[INPUT]

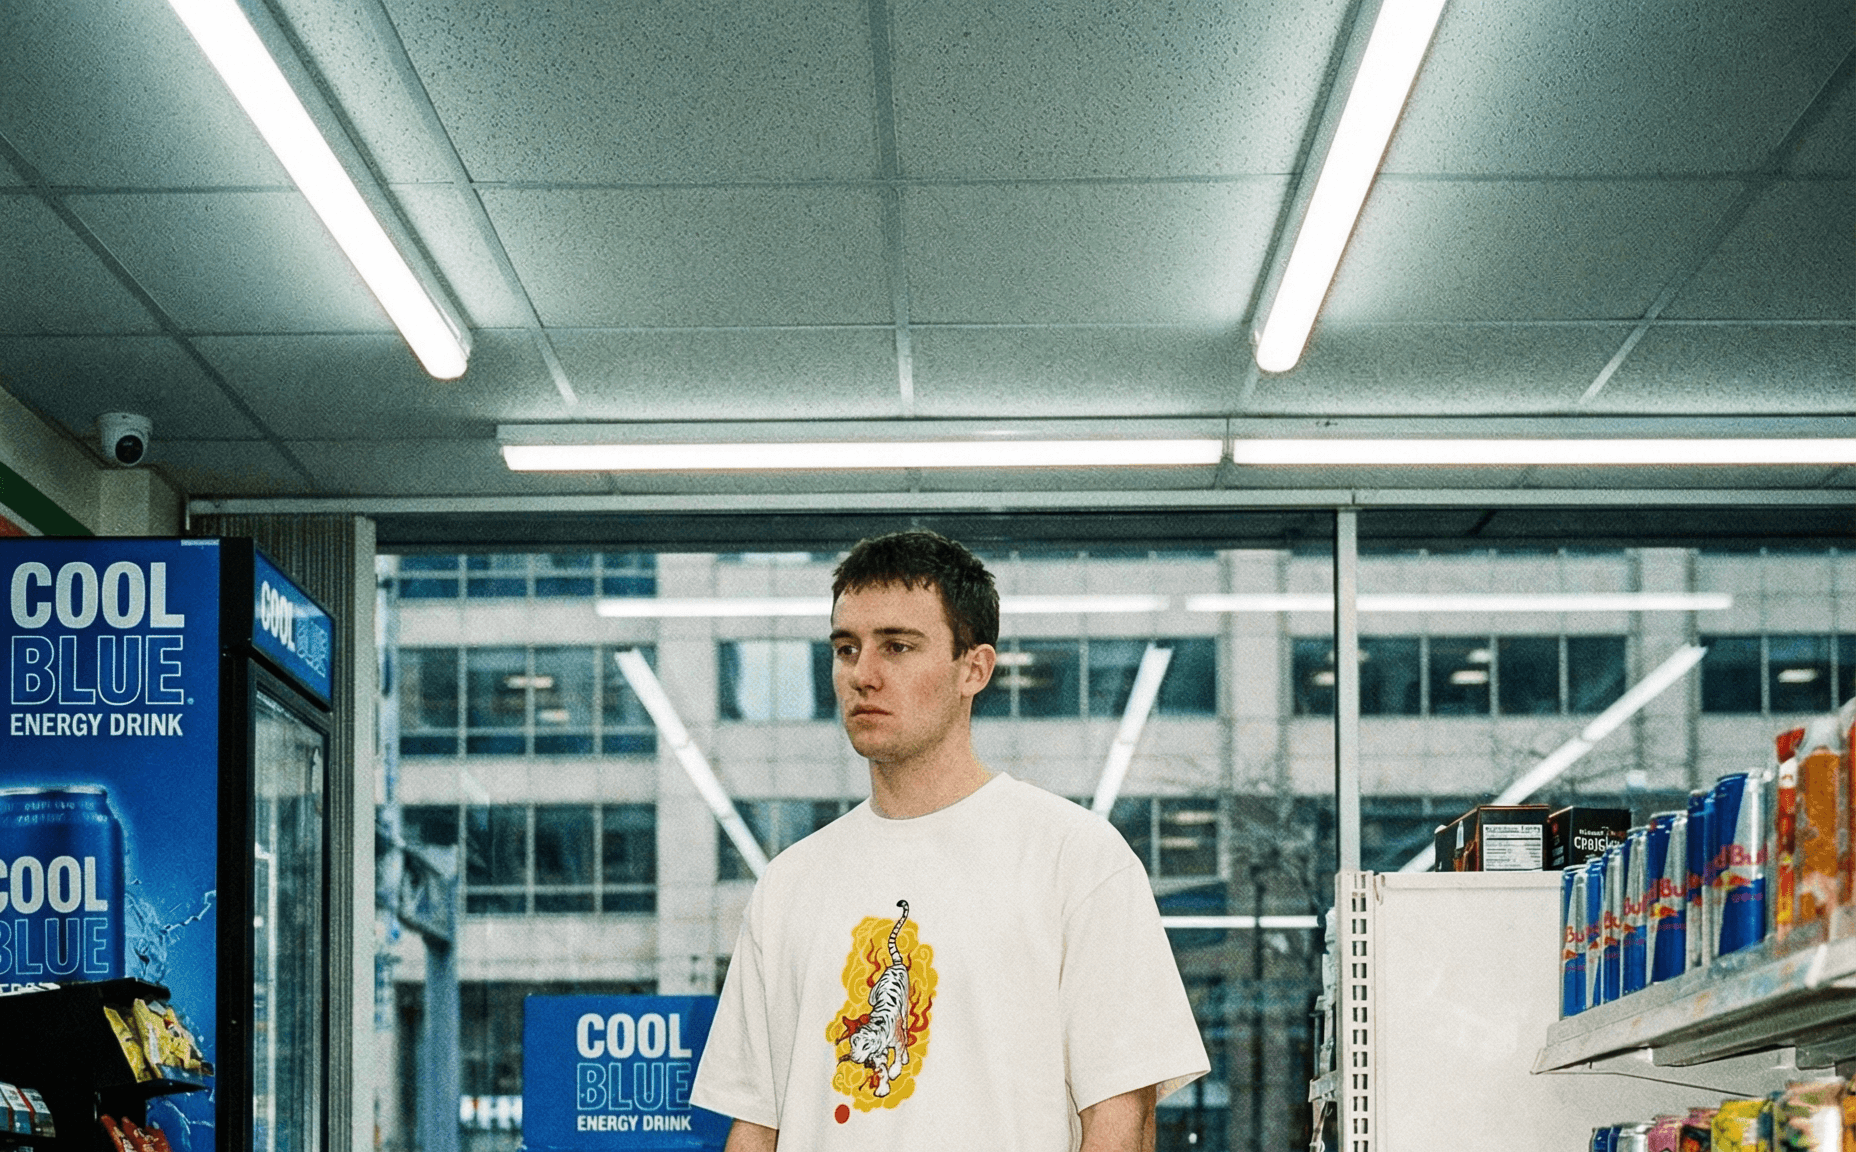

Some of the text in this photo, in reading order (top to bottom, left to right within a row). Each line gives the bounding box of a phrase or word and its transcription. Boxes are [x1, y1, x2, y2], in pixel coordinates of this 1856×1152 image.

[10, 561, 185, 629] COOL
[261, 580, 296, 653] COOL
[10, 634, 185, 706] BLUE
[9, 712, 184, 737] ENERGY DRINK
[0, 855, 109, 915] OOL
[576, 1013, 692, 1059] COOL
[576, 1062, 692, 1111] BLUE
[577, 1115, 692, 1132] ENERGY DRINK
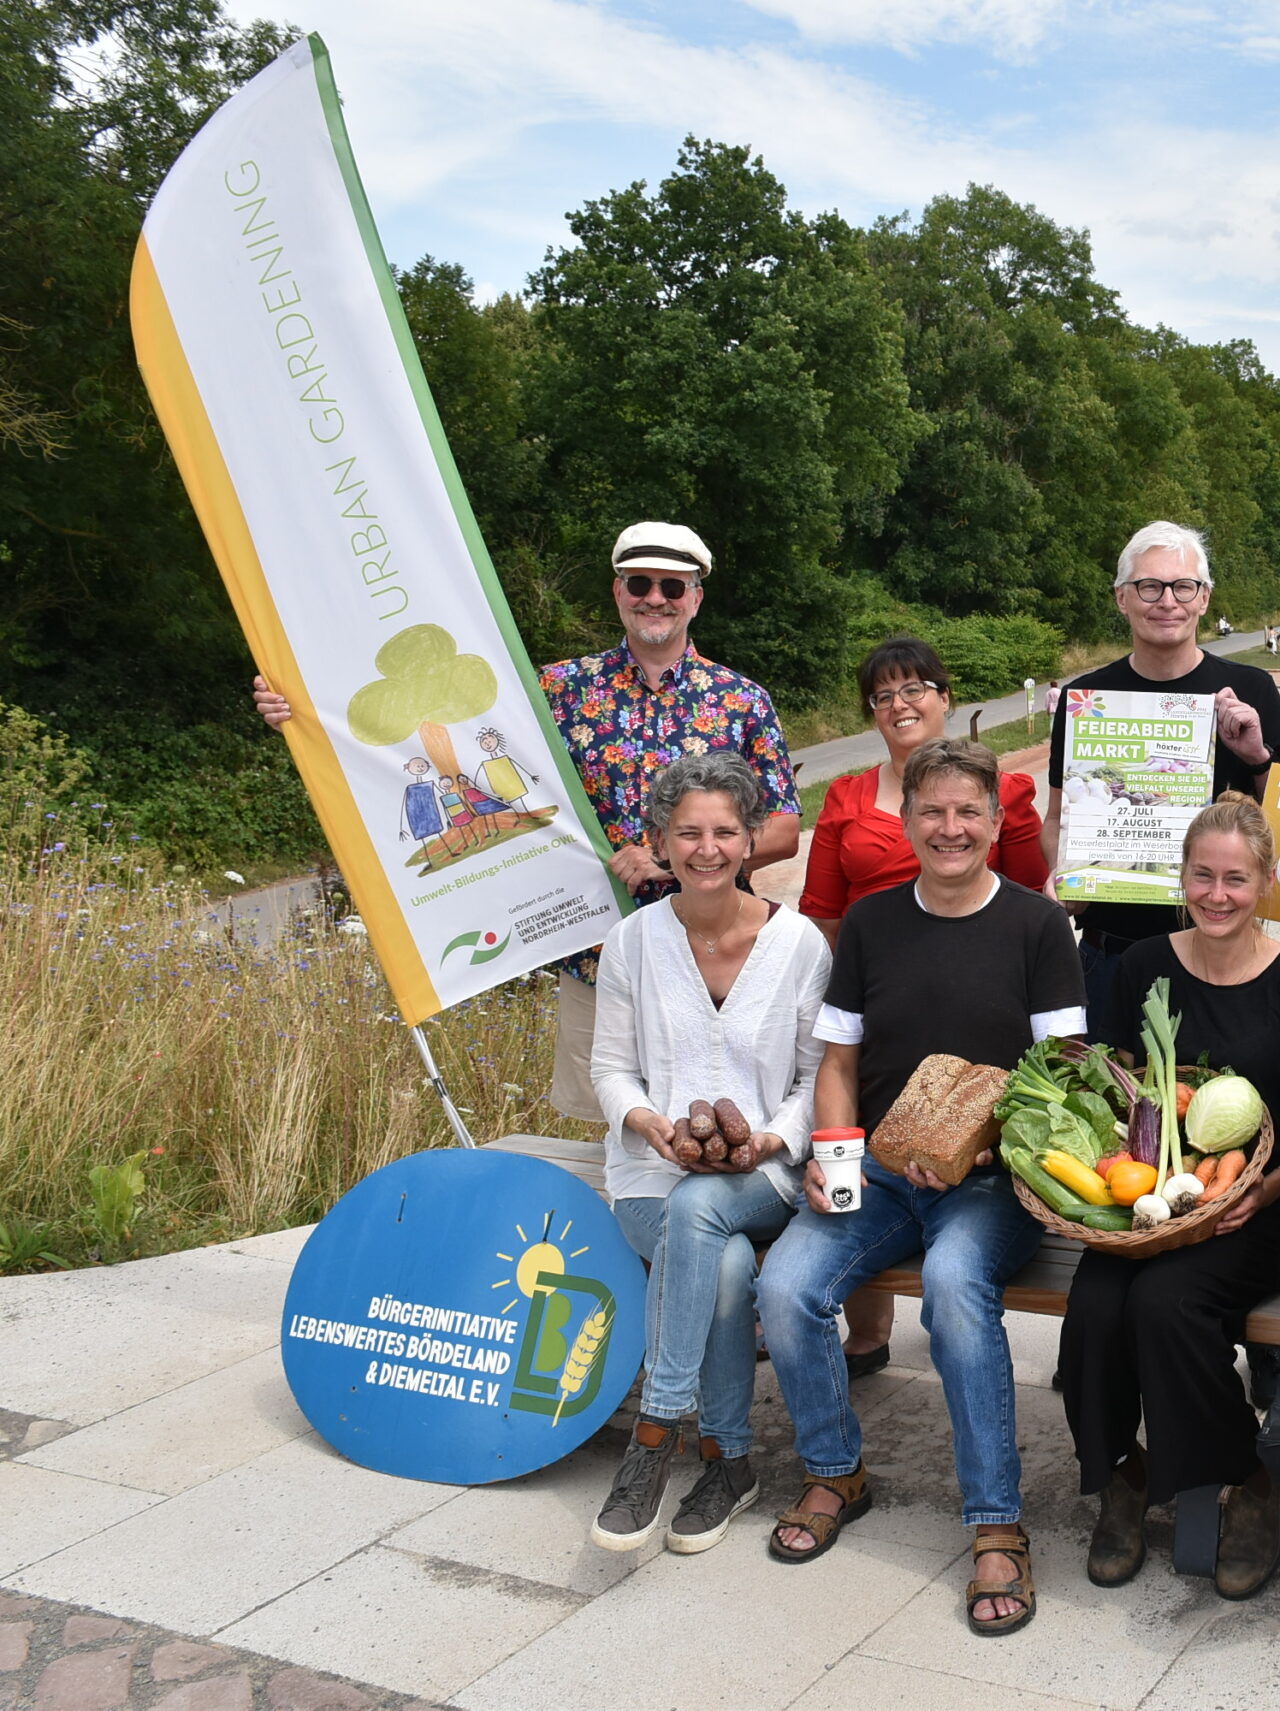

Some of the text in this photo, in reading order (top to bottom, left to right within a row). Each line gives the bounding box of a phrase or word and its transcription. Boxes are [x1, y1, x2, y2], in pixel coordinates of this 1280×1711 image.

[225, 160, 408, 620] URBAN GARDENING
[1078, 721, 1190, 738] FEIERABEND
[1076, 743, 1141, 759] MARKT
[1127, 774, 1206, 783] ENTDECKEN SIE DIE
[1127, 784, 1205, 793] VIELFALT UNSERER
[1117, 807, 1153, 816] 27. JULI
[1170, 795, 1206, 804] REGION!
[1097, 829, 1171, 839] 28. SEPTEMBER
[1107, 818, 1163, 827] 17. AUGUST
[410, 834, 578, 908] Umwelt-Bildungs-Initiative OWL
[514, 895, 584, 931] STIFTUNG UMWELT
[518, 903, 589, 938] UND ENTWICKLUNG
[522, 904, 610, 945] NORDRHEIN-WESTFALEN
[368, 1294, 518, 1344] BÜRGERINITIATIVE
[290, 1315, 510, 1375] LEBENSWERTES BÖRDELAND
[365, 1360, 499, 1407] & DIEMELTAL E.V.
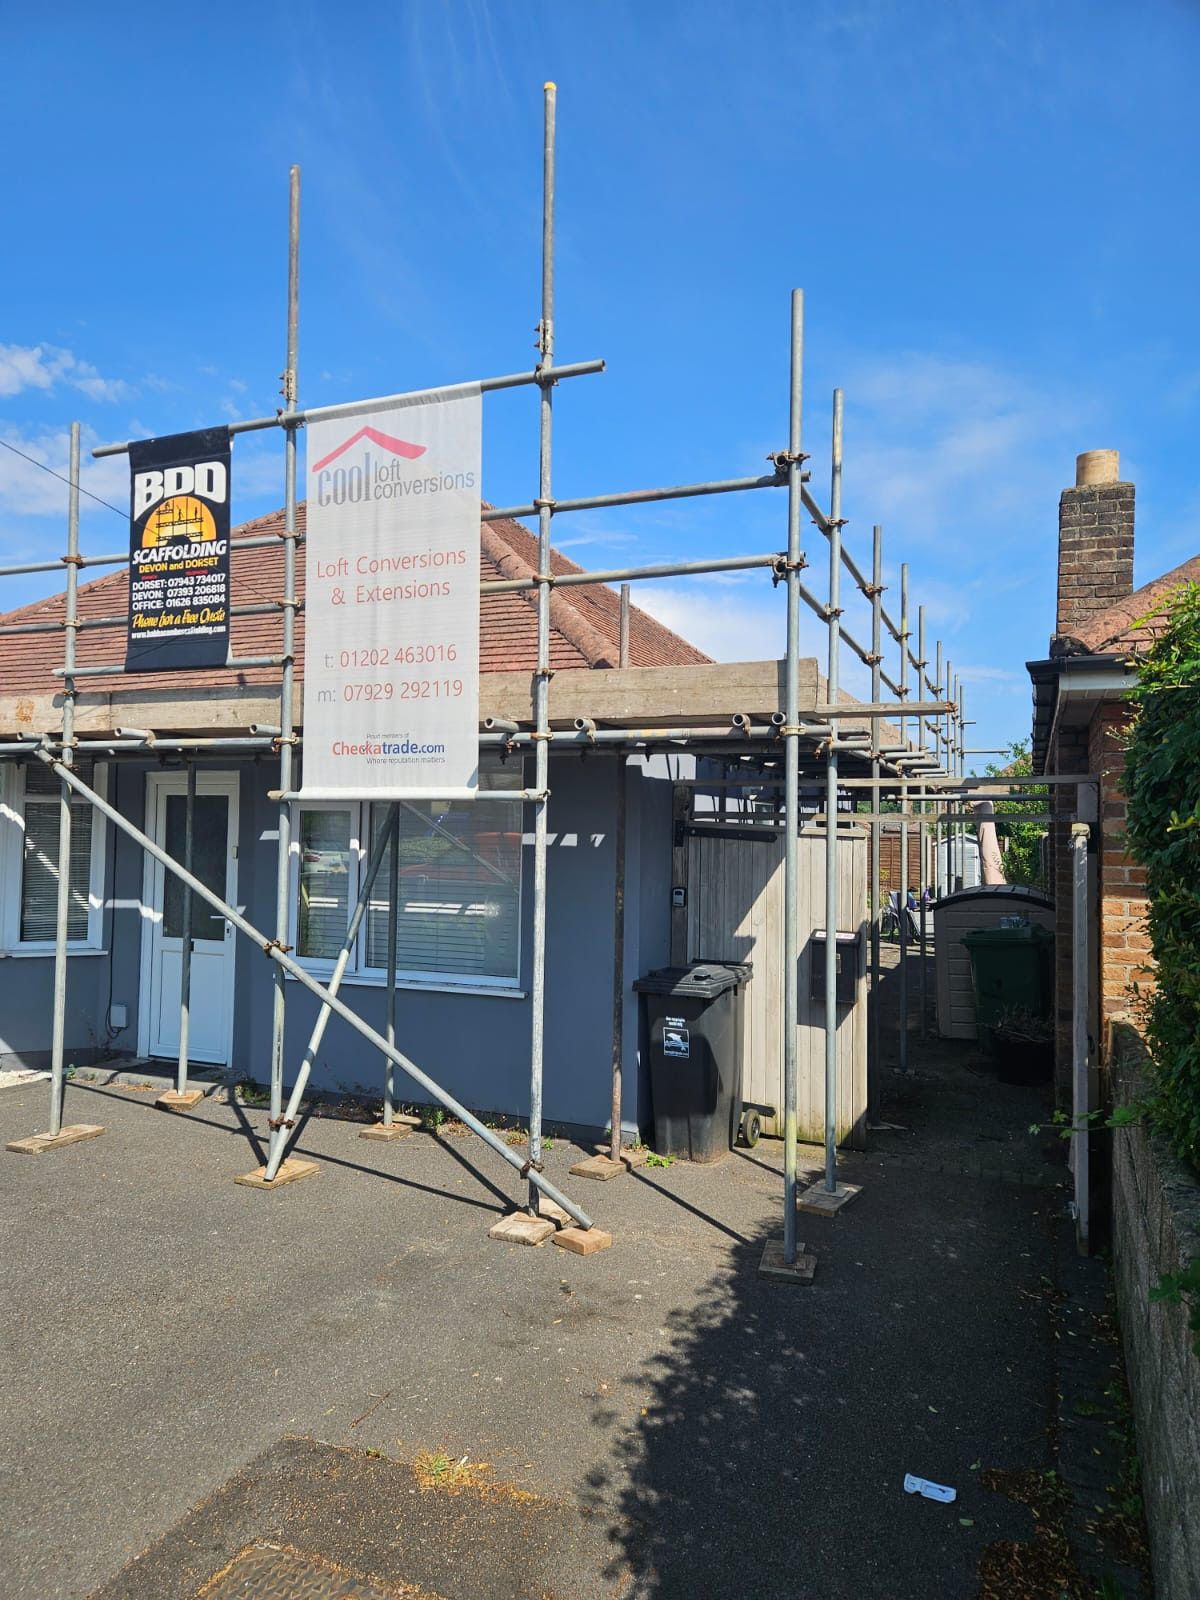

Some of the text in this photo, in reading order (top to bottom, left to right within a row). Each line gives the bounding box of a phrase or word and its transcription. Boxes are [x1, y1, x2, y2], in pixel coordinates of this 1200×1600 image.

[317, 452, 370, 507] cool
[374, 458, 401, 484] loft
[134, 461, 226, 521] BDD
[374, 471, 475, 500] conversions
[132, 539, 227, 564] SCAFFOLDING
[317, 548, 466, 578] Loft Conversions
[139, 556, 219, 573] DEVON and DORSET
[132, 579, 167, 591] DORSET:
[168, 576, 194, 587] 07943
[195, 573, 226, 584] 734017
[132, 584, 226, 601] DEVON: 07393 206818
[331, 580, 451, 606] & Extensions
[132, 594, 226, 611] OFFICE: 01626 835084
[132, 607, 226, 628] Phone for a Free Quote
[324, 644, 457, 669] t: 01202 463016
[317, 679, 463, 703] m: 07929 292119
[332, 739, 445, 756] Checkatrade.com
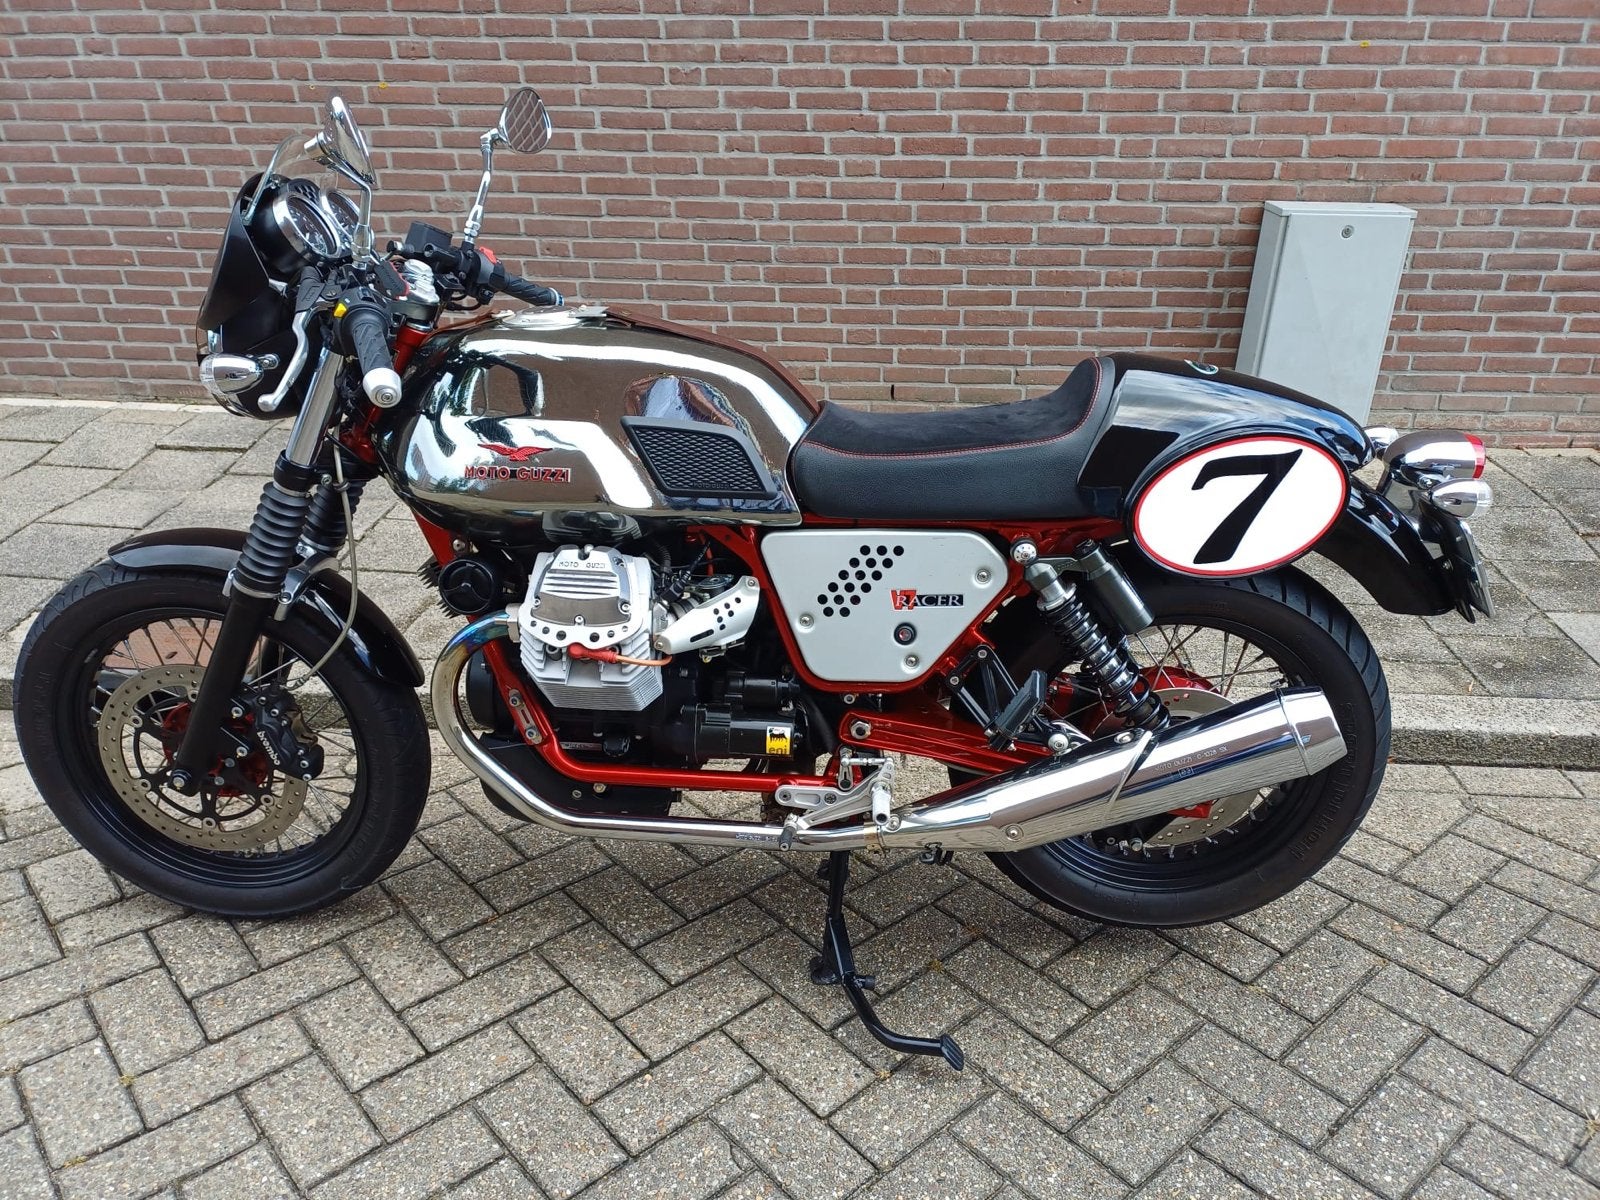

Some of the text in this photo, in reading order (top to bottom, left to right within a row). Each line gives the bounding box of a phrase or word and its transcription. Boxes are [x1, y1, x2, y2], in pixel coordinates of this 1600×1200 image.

[/INPUT]

What is needed is an exact repetition of every entry, without the pictures.

Some of the text in this photo, in reading order (top to bottom, left to right within a row). Each line gives the bounding box of a phrase or word and its transcription. Boxes are [x1, y1, x2, y2], in pixel coordinates of this 1856×1152 image.

[10, 561, 185, 629] COOL
[261, 580, 296, 653] COOL
[10, 634, 185, 706] BLUE
[9, 712, 184, 737] ENERGY DRINK
[0, 855, 109, 915] OOL
[576, 1013, 692, 1059] COOL
[576, 1062, 692, 1111] BLUE
[577, 1115, 692, 1132] ENERGY DRINK

Some of the text in this photo, in reading order (top to bottom, left to right within a row). Each line gives the bounding box of a phrase or word and its transcription. Boxes are [x1, y1, x2, y2], in pixel coordinates of this 1280×1711 image.

[225, 160, 408, 620] URBAN GARDENING
[1078, 721, 1190, 738] FEIERABEND
[1076, 743, 1141, 759] MARKT
[1127, 774, 1206, 783] ENTDECKEN SIE DIE
[1127, 784, 1205, 793] VIELFALT UNSERER
[1117, 807, 1153, 816] 27. JULI
[1170, 795, 1206, 804] REGION!
[1097, 829, 1171, 839] 28. SEPTEMBER
[1107, 818, 1163, 827] 17. AUGUST
[410, 834, 578, 908] Umwelt-Bildungs-Initiative OWL
[514, 895, 584, 931] STIFTUNG UMWELT
[518, 903, 589, 938] UND ENTWICKLUNG
[522, 904, 610, 945] NORDRHEIN-WESTFALEN
[368, 1294, 518, 1344] BÜRGERINITIATIVE
[290, 1315, 510, 1375] LEBENSWERTES BÖRDELAND
[365, 1360, 499, 1407] & DIEMELTAL E.V.

Some of the text in this photo, in reading order (top to bottom, left to right within a row). Each line gives the bounding box of a phrase or word and its transcription. Boxes are [x1, y1, x2, y2], in pixel coordinates of this 1200×1600 image.

[317, 452, 370, 507] cool
[374, 458, 401, 484] loft
[134, 461, 226, 521] BDD
[374, 471, 475, 500] conversions
[132, 539, 227, 564] SCAFFOLDING
[317, 548, 466, 578] Loft Conversions
[139, 556, 219, 573] DEVON and DORSET
[132, 579, 167, 591] DORSET:
[168, 576, 194, 587] 07943
[195, 573, 226, 584] 734017
[132, 584, 226, 601] DEVON: 07393 206818
[331, 580, 451, 606] & Extensions
[132, 594, 226, 611] OFFICE: 01626 835084
[132, 607, 226, 628] Phone for a Free Quote
[324, 644, 457, 669] t: 01202 463016
[317, 679, 463, 703] m: 07929 292119
[332, 739, 445, 756] Checkatrade.com

Some of the text in this photo, in reading order (top to bottom, left to right within a row). Each line gives the bounding box of a phrase or word and its transcription. Boxes are [x1, y1, x2, y2], in pixel coordinates of this 1600×1200 image.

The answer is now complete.